By Megan Stanton, associate director, South APAC, Mintel Food and Drink

It has been a tough couple of years for plant-based meat alternatives. A sector which was showing incredible growth as consumers raced to try these novelty products are facing challenging with increasing sales and retaining customers.

At the start, consumers were encouraged to try these meat alternatives as a healthier option to meat, while also tackling environmental issues of excess carbon emissions and land usage from animal protein. However, consumers are not repeat-purchasing these products as a result of long ingredient listings, concerns about over processing and poor delivery of taste. The impact of inflation and expensive price tags has further impacted the sales of meat alternatives as consumers try to balance their budget.

These lacklustre sales have resulted in some significant readjustments in the sector – Impossible Foods laid off 6% of its workforce in Oct. Meanwhile, Beyond Meat’s Q4 2023 revenues were down 20% and the company posted a loss of $366 million in 2022. JBS has exited its US-based plant foods business Planterra, and Maple Leaf Foods have cut their Greenleaf Foods plant-based division by 25% due to low demand.

Many commentators have stated that plant-based meat is currently in the “trough of disillusionment”, according to the Gartner Hype Cycle. The Gartner Hype Cycle illustrates the trajectory of new innovations and explains how new products initially experience a plethora of media attention and consumer interest until a peak is reached and then consumers begin to identify the shortcomings of the products. Mintel data has indicated that as many as 42% of US consumers do not currently eat plant-based meat alternatives and do not want to do so in the future.

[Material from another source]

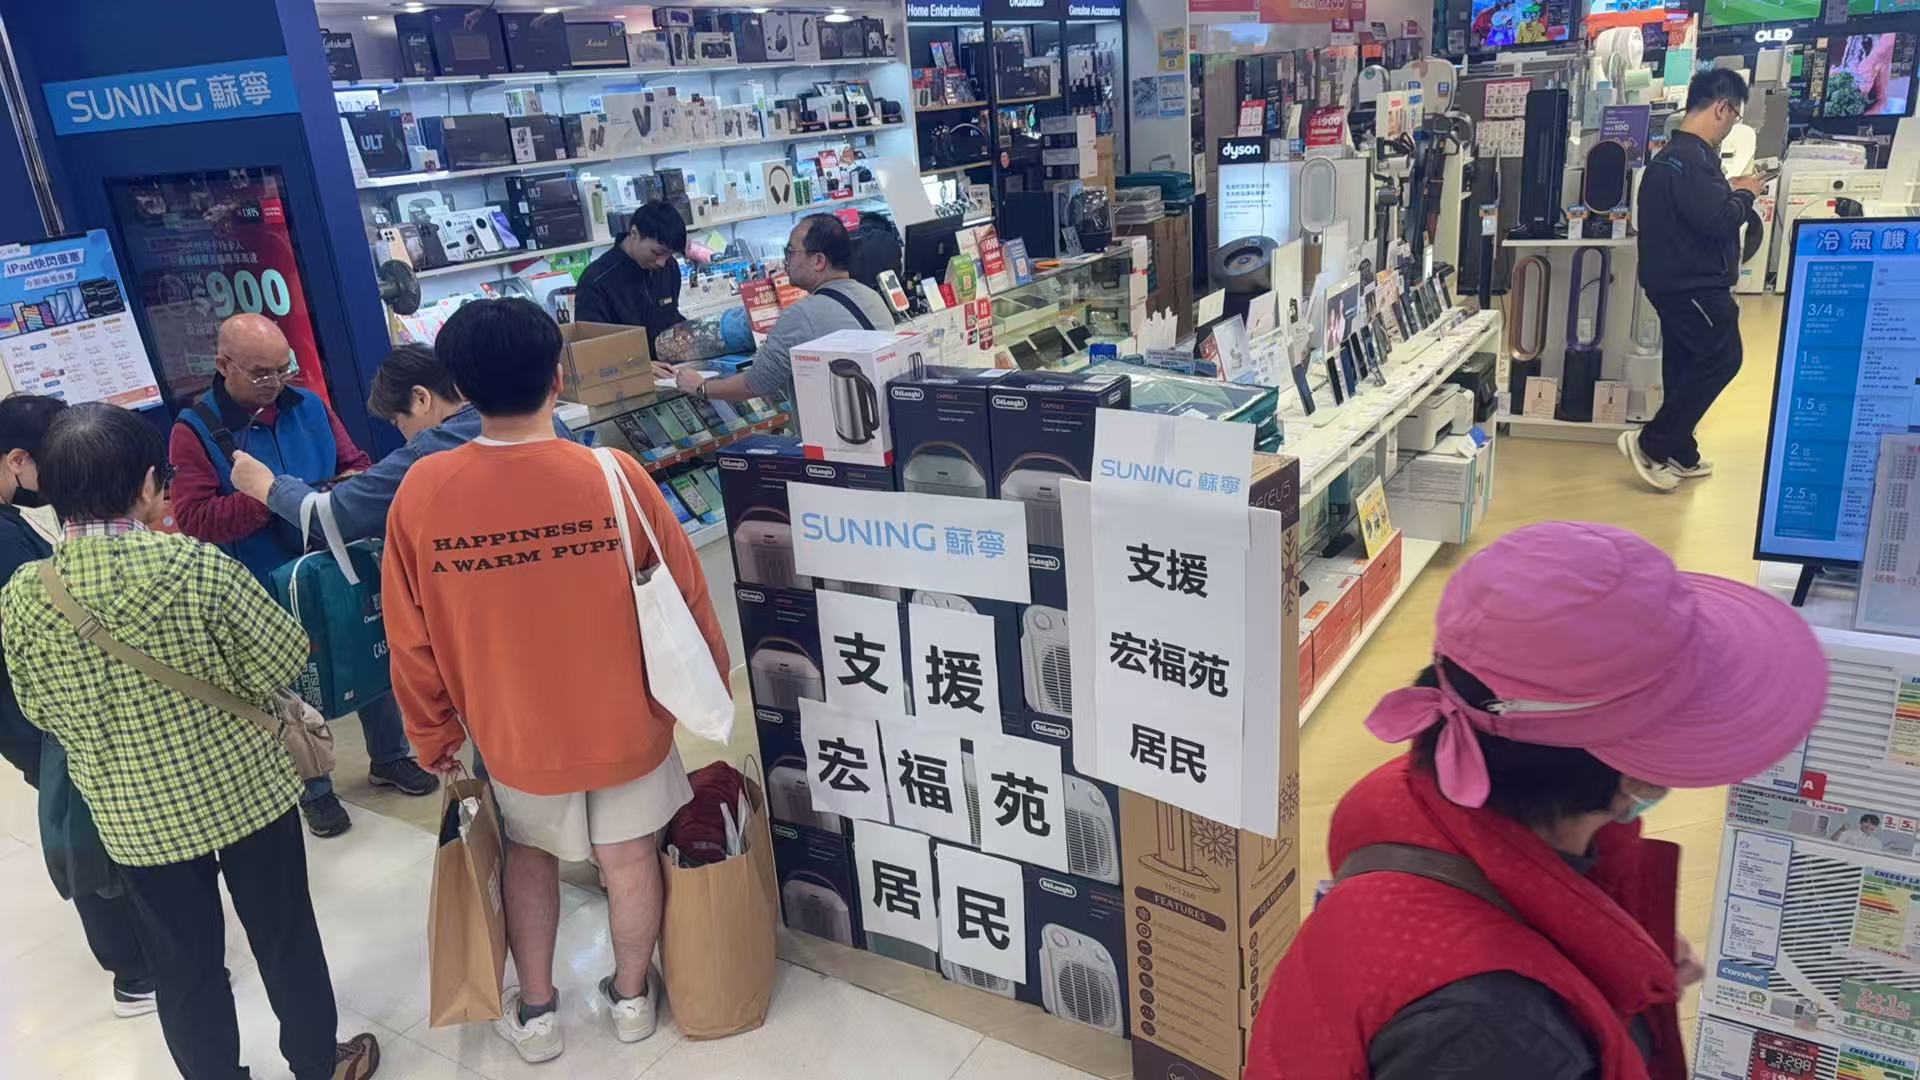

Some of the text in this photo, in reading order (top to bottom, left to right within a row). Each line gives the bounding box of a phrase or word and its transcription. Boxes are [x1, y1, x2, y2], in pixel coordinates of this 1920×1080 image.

Consumers have been clear that their issues with plant-based meat alternatives are taste, price, and concerns about over-processing. Only 30% of Thai consumers agreed that plant-based meat is tasty, while 33% of consumers in Singapore said they would eat more plant-based meat alternatives if they were less processed. Brands will thus need to address these concerns to re-engage consumers with plant-based meat.